Razorblade Tears is a revenge-focused crime novel about two aging, mostly-ex criminals who set out to avenge the murder of their sons. Both Ike and Buddy Lee have unresolved issues with their sons, who were married to one another – neither man was accepting of their relationship while their children were alive. Their sons had been together since college and had a child together, but neither Ike nor Buddy Lee had more than a passing glance at one another because of their refusal to accept that relationship and participate in the lives of their sons. Both Ike and Buddy Lee had also spent a portion of their children’s lives in jail, which further complicated their relationships with one another. After their sons are brutally murdered together outside of a store, Buddy Lee and Ike both experience excruciating regret for the way in which they missed opportunities to connect with their sons. When the cops lack the ability or desire to solve their sons murder, Buddy Lee reaches out to Ike to convince him to seek justice outside of the law.
Portions of the book read like a buddy comedy – as in all the best buddy comedies, Ike and Buddy Lee are VERY different but have a strong enough connection that it’s plausible they would be working together. Ike is a Black man who was known for a period of time as Riot. He’s put his violent past behind him and has been running a successful lawn care business for many years, but his son’s murder reignites the anger that fueled him when he was known as Riot. Buddy Lee is a white, alcoholic ex-con who has strong convictions about loyalty and a moral code that doesn’t preclude committing felonies.
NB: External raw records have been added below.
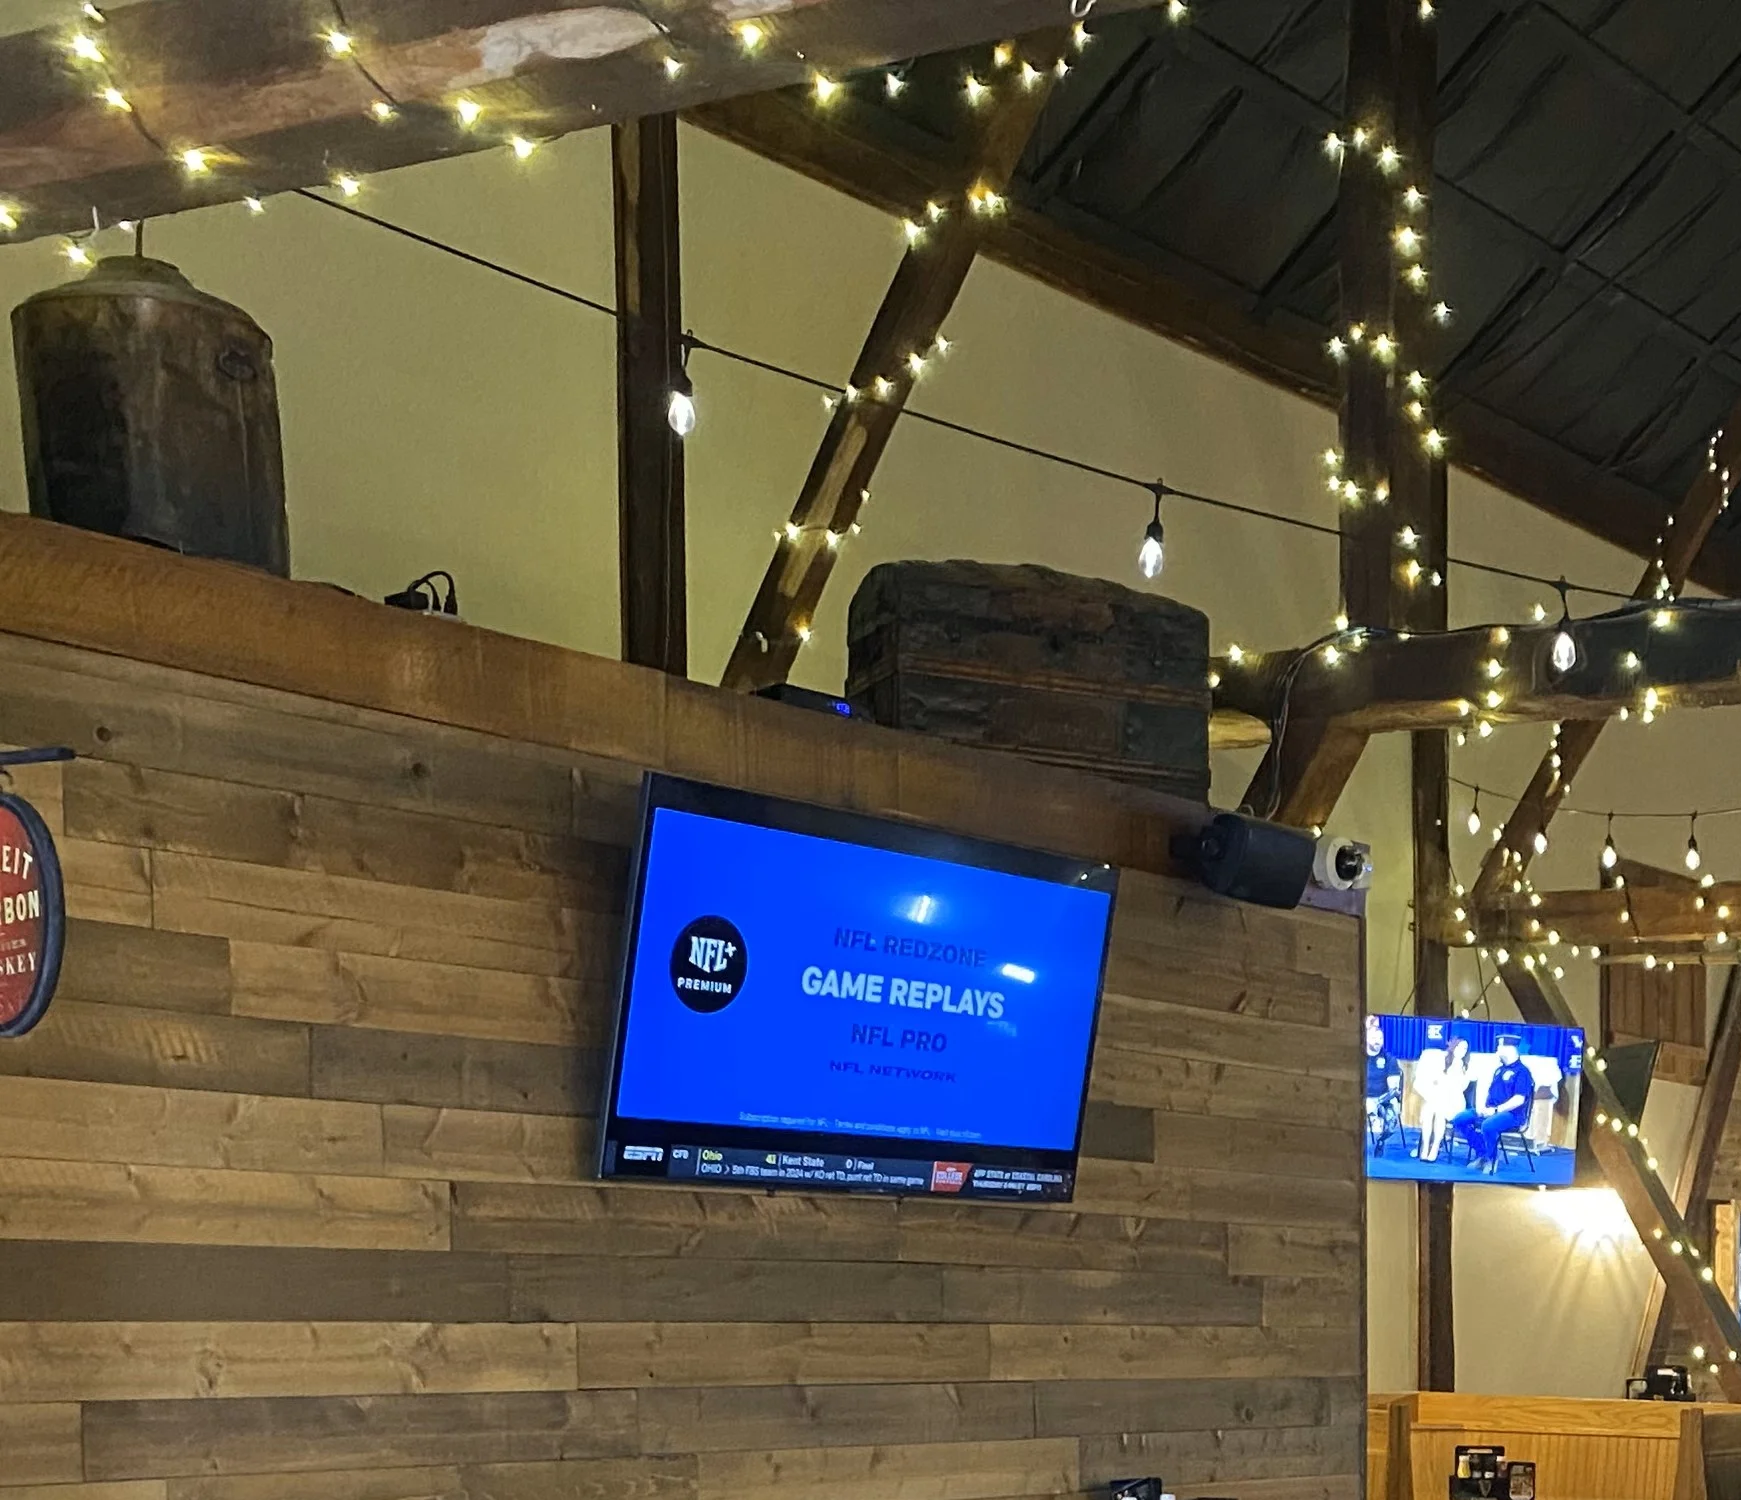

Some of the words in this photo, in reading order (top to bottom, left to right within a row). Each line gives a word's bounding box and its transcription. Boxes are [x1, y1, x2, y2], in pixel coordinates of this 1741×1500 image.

[0, 889, 40, 925] BON
[834, 927, 877, 953] NFL
[883, 933, 988, 969] REDZONE
[676, 976, 733, 994] PREMIUM
[802, 965, 884, 1004] GAME
[889, 980, 1005, 1020] REPLAYS
[850, 1022, 895, 1048] NFL
[901, 1027, 947, 1053] PRO
[828, 1059, 864, 1075] NFL
[868, 1063, 956, 1084] NETWORK
[702, 1149, 723, 1161] Ohio
[782, 1155, 801, 1166] Kent
[802, 1156, 825, 1167] State
[845, 1158, 853, 1169] 0
[701, 1162, 722, 1174] OHIO
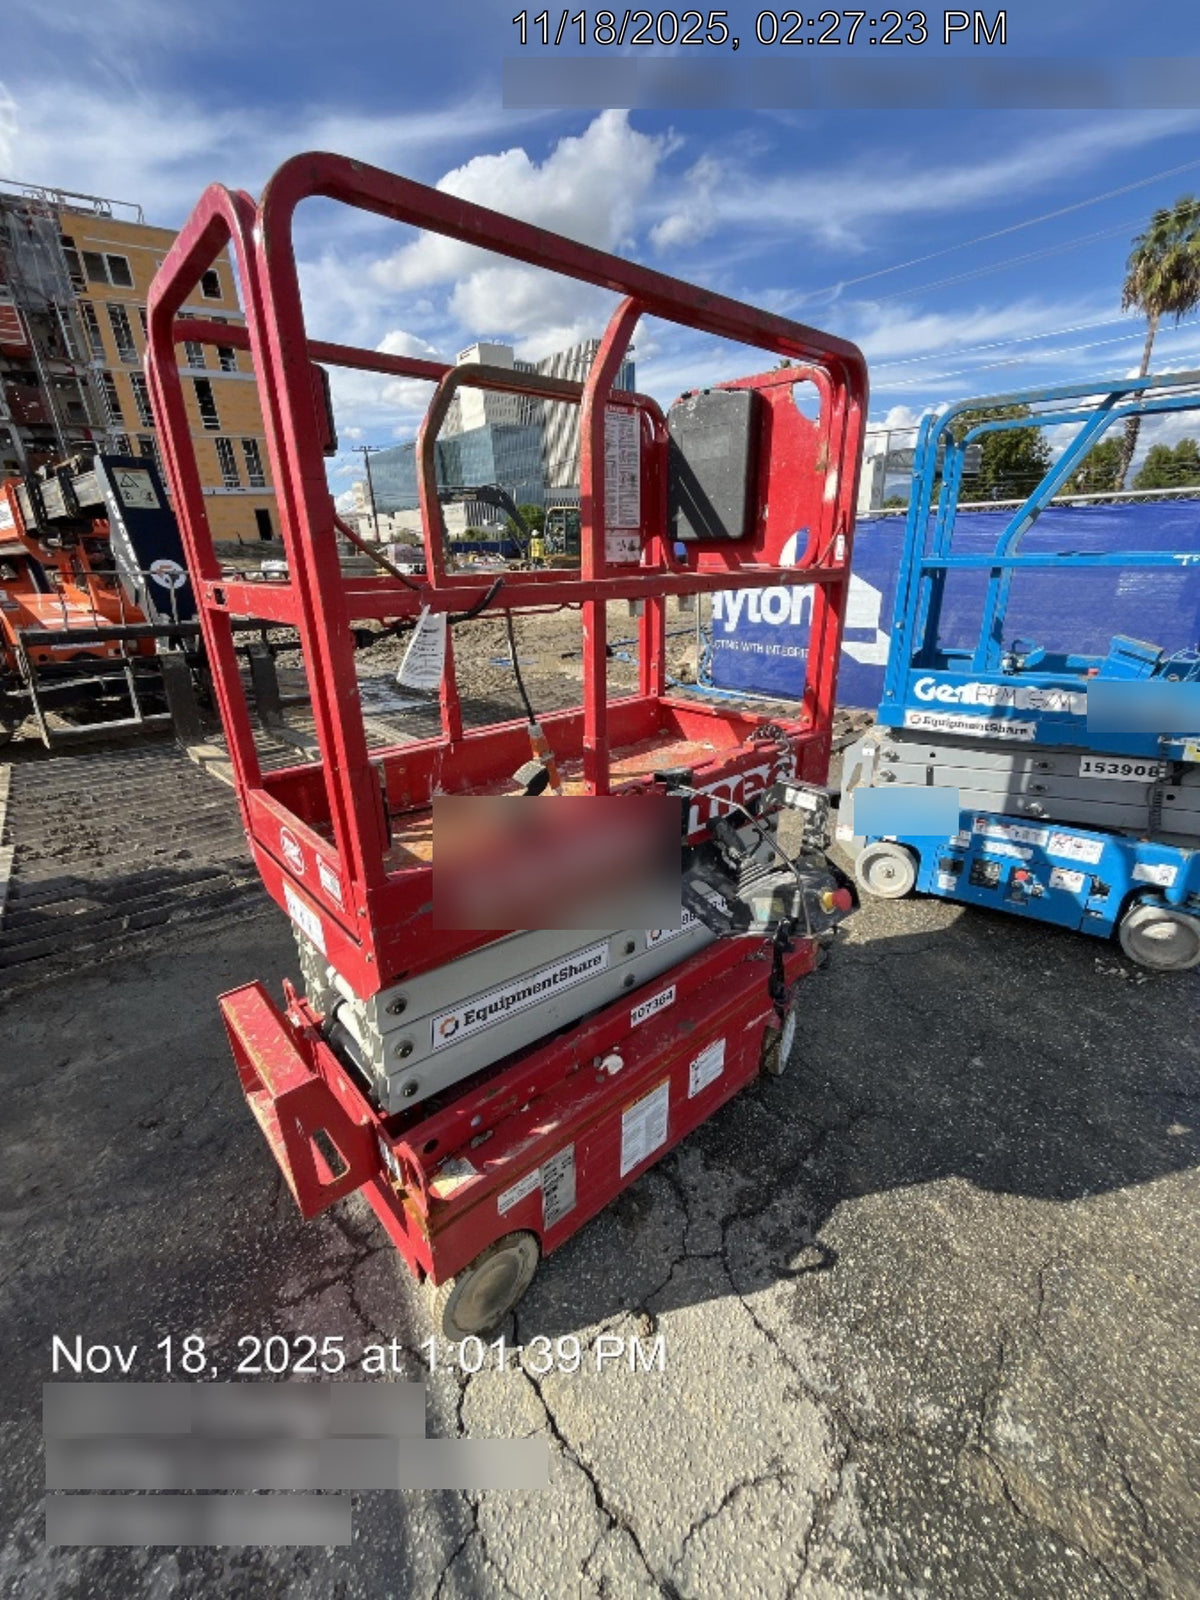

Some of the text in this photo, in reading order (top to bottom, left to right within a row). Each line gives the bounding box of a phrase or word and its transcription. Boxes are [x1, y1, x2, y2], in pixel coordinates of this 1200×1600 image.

[922, 715, 1030, 736] EquipmentShare
[1082, 761, 1160, 778] 153908
[463, 954, 603, 1028] EquipmentShare
[632, 989, 674, 1024] 107364
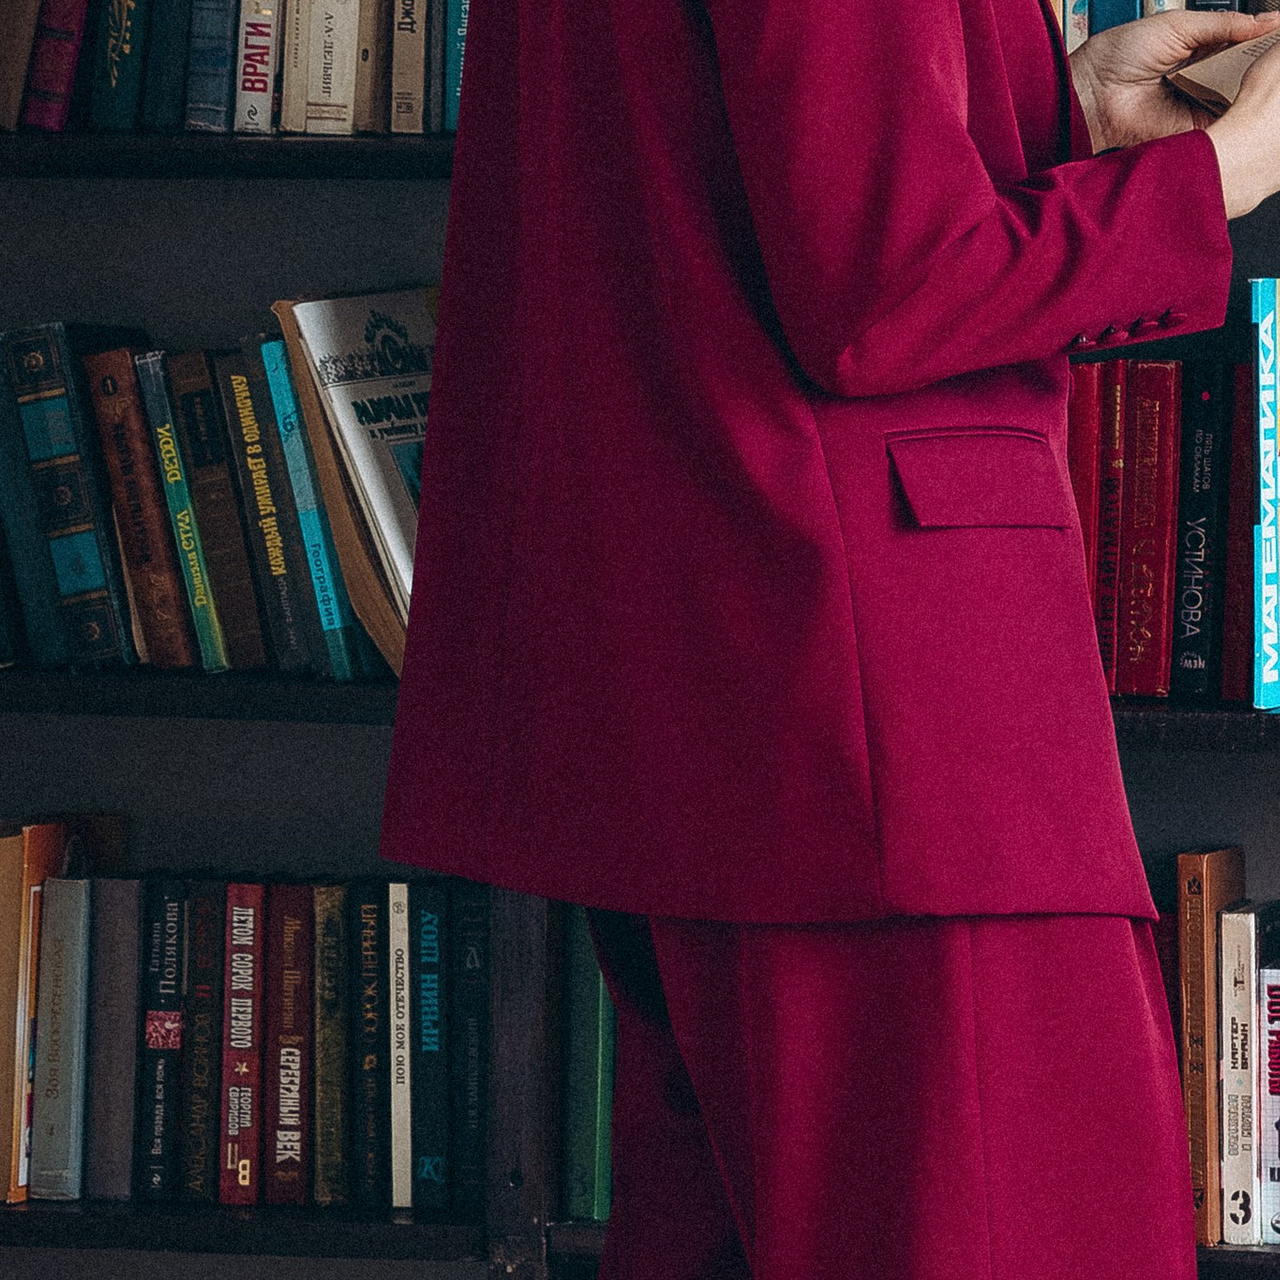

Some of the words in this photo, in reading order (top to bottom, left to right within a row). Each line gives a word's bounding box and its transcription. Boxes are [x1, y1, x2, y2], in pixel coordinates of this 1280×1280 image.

Both fathers bond over their regrets about how their homophobia prevented them from enjoying a relationship with their sons. There are moments where Ike calls Buddy Lee out on his casual racism, and moments where both Ike and Buddy Lee are forced to face their own struggles with acceptance of LGBTQ folks. For the most part, characters calling one another out or in for racism and homophobia and sexism happens as part of dialogue that moves the story forward and feels seamlessly integrated into the plot. The story is able to make a point about what it’s like for people to live in America at this time while also delivering a fast-paced thriller.
For me, the book is a four star rather than five star because I’m only so-so on crime novels with tons of violence. I love the character driven parts of the plot, but parts sort of reminded me of the end of a Stephen King novel, which I always simply speed through – I don’t like reading long descriptions of violent fights. If that’s your jam, this books has some of that – it’s definitely a blood-soaked sort of journey. Like a lot of crime novels, when you realize who is responsible, there’s a feeling that it’s a little TOO pat, but I think the writer was able to more or less sell the close connections here. Cosby gives his novel a clear resolution but I think it’s an open and interesting question whether there was true redemption here, too.